How to Write a Great E-Intro

SUBJECT: e-intro: Joyce and Richard

Hi Joyce and Richard,

It’s a pleasure to introduce you two.
Given that you go to so many of the same conferences, I’m surprised you don’t already know each other. You may be interested in working together on some projects down the road together since your fields are so similar.

Joyce, Richard and I know each other from the Appreciative Inquiry conference in which we were on the same team, and learned a lot about each other’s business strategy and next steps. He is starting an area of his business focused only on small companies and resolving early product management conflict.

Richard, Joyce and I have been colleagues for years. She is an executive coach, and focuses on CTO’s in the ______ industry. Her clients have said she was the best thing moving them to manage their teams the way they wanted to manage them. Joyce facilitates conflict resolution sessions for upper management, especially in IT, product management, and financial systems.

All the best to you both,
S.

———
My friend Y-Rock (that’s his rock-climbing name) taught me how to write e-intro’s. It takes me 5-10 minutes.
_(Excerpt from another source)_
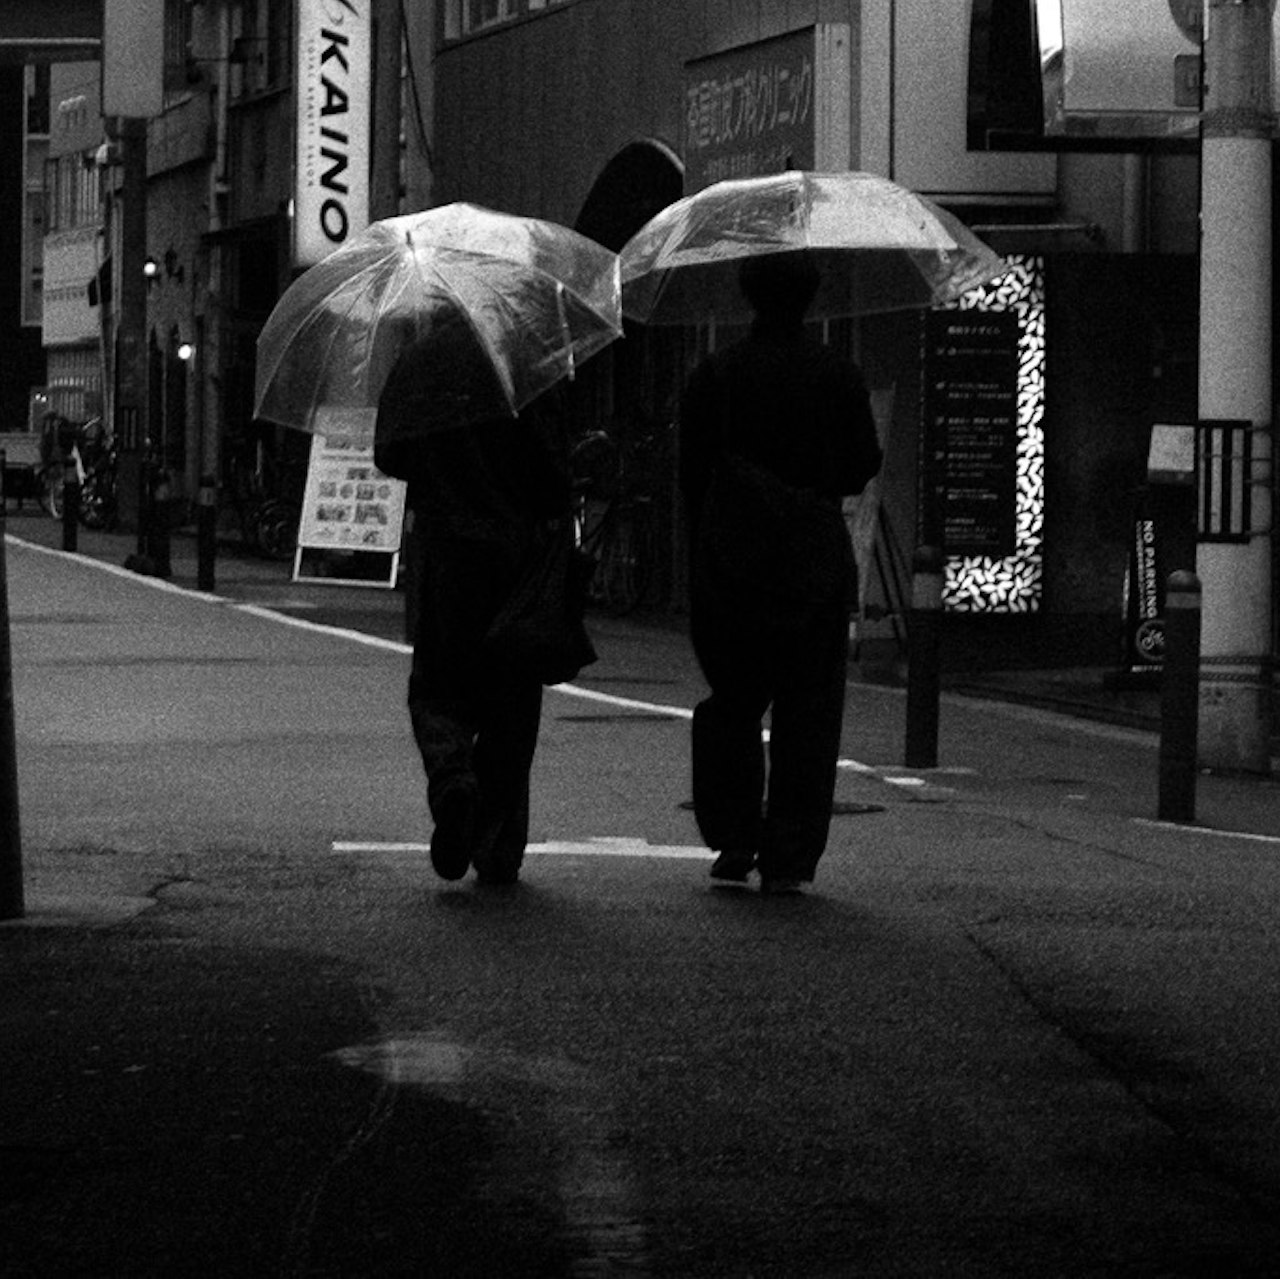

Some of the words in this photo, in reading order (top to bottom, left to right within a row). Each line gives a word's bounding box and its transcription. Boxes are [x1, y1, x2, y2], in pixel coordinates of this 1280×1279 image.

I give one-two highlights about each person. I mention why the two might be interested in connecting.

ALMOST ALWAYS before I do the above step, I check in with each person in a separate email. Or I’ll see one person, and realize it might be connect to connect her with the second person, and then I’ll email the second person to check in about that hunch.

I connect people when I have a hunch that there’s a mutually good thing that can come out of it. I don’t connect one person with another when there’s no potential joint interest (for example, one person who’s looking for a job with one who hasn’t hired in years and isn’t planning to). They may have other things in common – other than job hunting – and that would be an entirely other reason to connect them.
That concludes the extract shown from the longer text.